To what extent are the contractual and employment models used in the health and social care sectors fit for purpose of attracting, training, and retaining the right numbers of staff with the right skills?

 

 

NHS & Ambulance Service

 

The Agenda for Change Handbook outlines conditions of employment for NHS staff. There are many flexibilities within it which local employers could use to make work better for NHS workers locally. Unfortunately, many of these are not used. Some Trusts force staff onto lower paid bank contracts to do overtime or allow a culture of unpaid additional hours.

 

Recently, the right to request flexible working from day one of employment has been introduced in the NHS. It will be some time before we see the impact this has had on staffing, but providing employers engage with the process as intended, it should improve the working life experiences for NHS staff.

 

The issue of unsocial hours payments when on sick leave remains a main area of concern for ambulance service members. A two tier system of payments exists staff with longer service receive unsocial hours when on sick under Annex 5 AfC; new staff are on section 2 and are not paid. Staff who choose to change jobs or pursue promotion are forced onto section two contracts.
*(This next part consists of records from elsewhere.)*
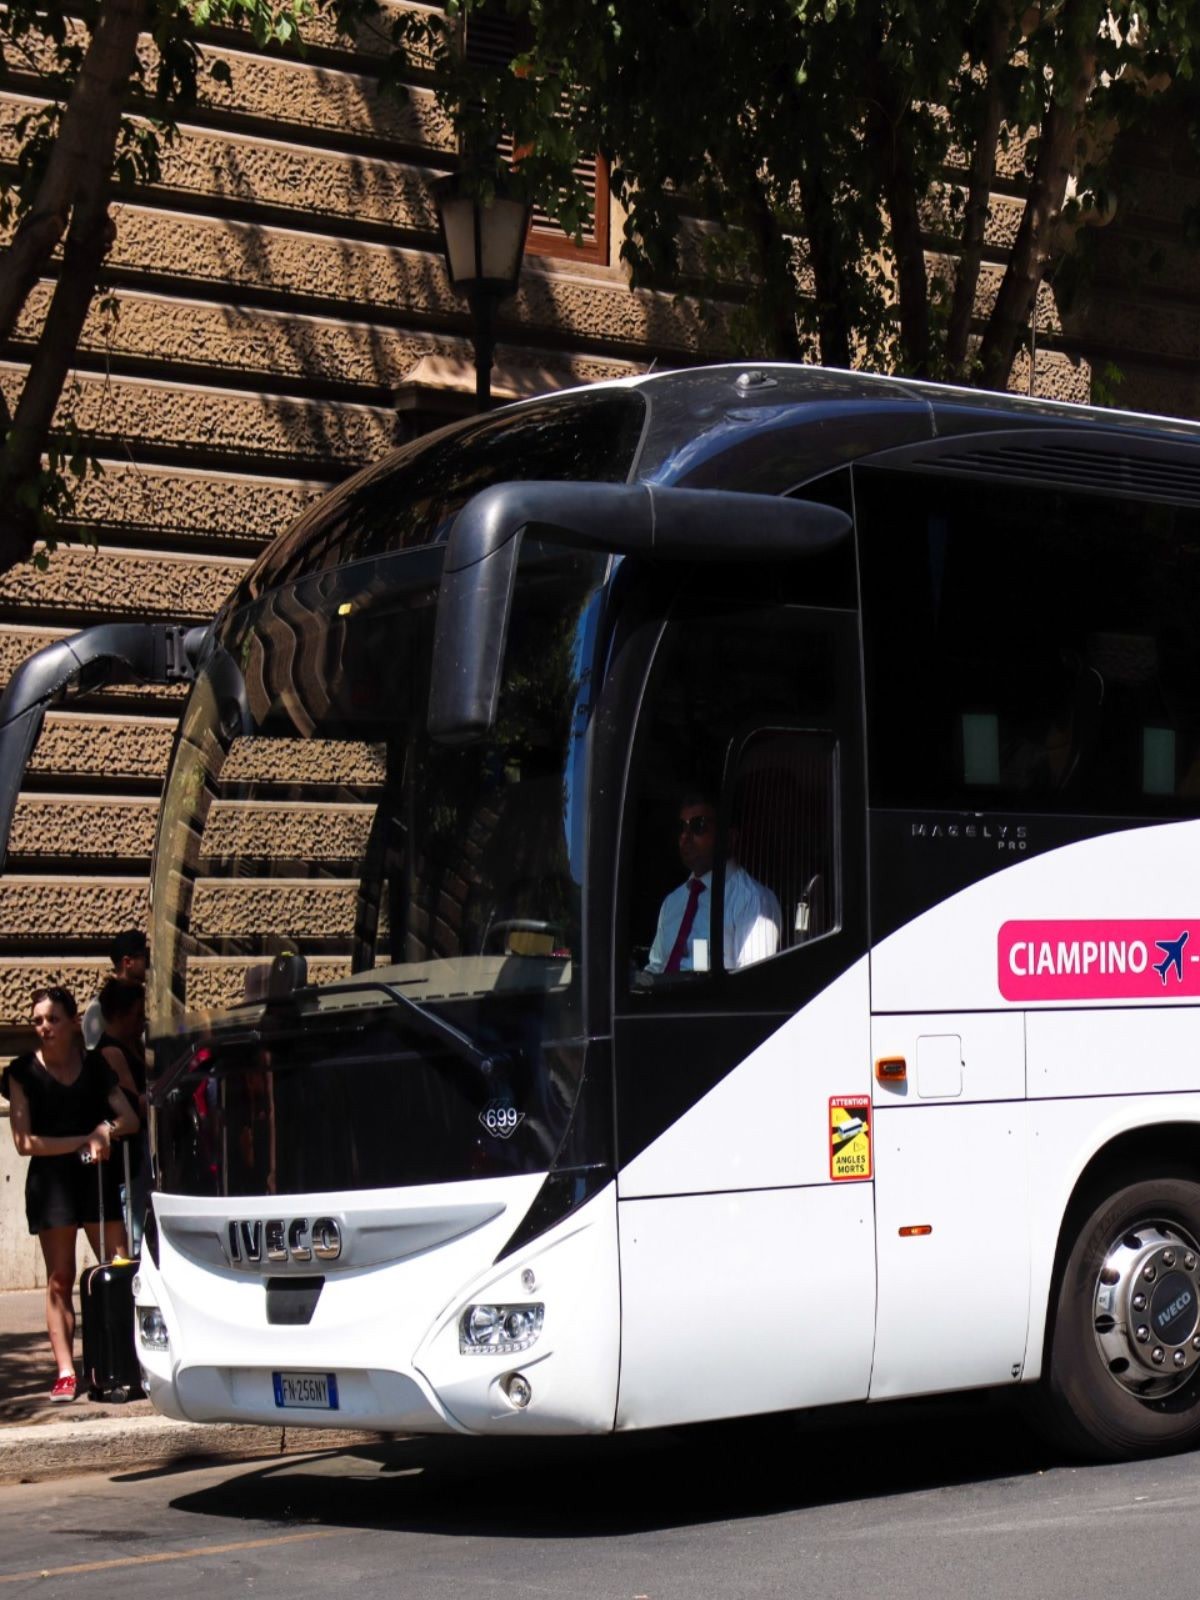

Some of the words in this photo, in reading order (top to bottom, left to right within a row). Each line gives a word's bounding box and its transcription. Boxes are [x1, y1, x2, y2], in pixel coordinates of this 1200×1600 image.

[998, 841, 1027, 850] PRO
[1009, 940, 1149, 976] CIAMPINO
[831, 1098, 868, 1106] ATTENTION
[486, 1107, 517, 1128] 699
[836, 1155, 866, 1164] ANGLES
[838, 1164, 865, 1173] MORTS
[228, 1217, 342, 1262] IVECO
[1158, 1291, 1191, 1327] IVECO
This has for several years now been a deterrent to workers pursuing promotions within the ambulance service. GMB wants to see section two scrapped and all colleagues treat the same with full access to unsocial hours payments as if at work when on leave.

 

Social Care

 

The whole workforce model in social care is not fit for purpose. Minimum rates of pay, no enhanced sick and annual leave entitlements, no respect as professionals, no national standards, etc. The system is completely fragmented which makes it extremely difficult to have a national response to the sector as was clearly demonstrated during the pandemic.

 

Zero hours contracts are also an issue in social care. Some care providers tell us that this is due to funding issues from local authorities, who are cash strapped themselves. Serious investment into social care is essential if the employment model is to be modified and made attractive for people to want to work in care.

 

 

What is the role of integrated care systems in ensuring that local health and care organisations attract and retain staff with the right mix of skills?

 

 

ICSs are due to be up and running in all areas in England from April 2022.

 

It is absolutely essential that local unions are involved in these. GMB has concerns regarding how some are already operating. We have examples of where major decisions regarding the restructuring and closure of health services being taken at ICS board level without union involvement locally. After the decision has been taken at board level, details of the restructure and closure are cascaded down to the local hospital to implement. It is only at local hospital level that union representatives are notified of the major changes to our members terms and conditions of employment. However, by this stage, the decisions have been made and it is too late to engage with the process. Prior to this – consultation on the proposed changes would not only be done with workers, it would also include consultation with local communities.

 

Regardless of the above, ICSs have to commit to genuinely attractive pay and reward terms if they are to recruit and retain. There may also become an issue with competition between ICSs as they compete for staff by setting competitive rates, that poorer areas may not be able to follow.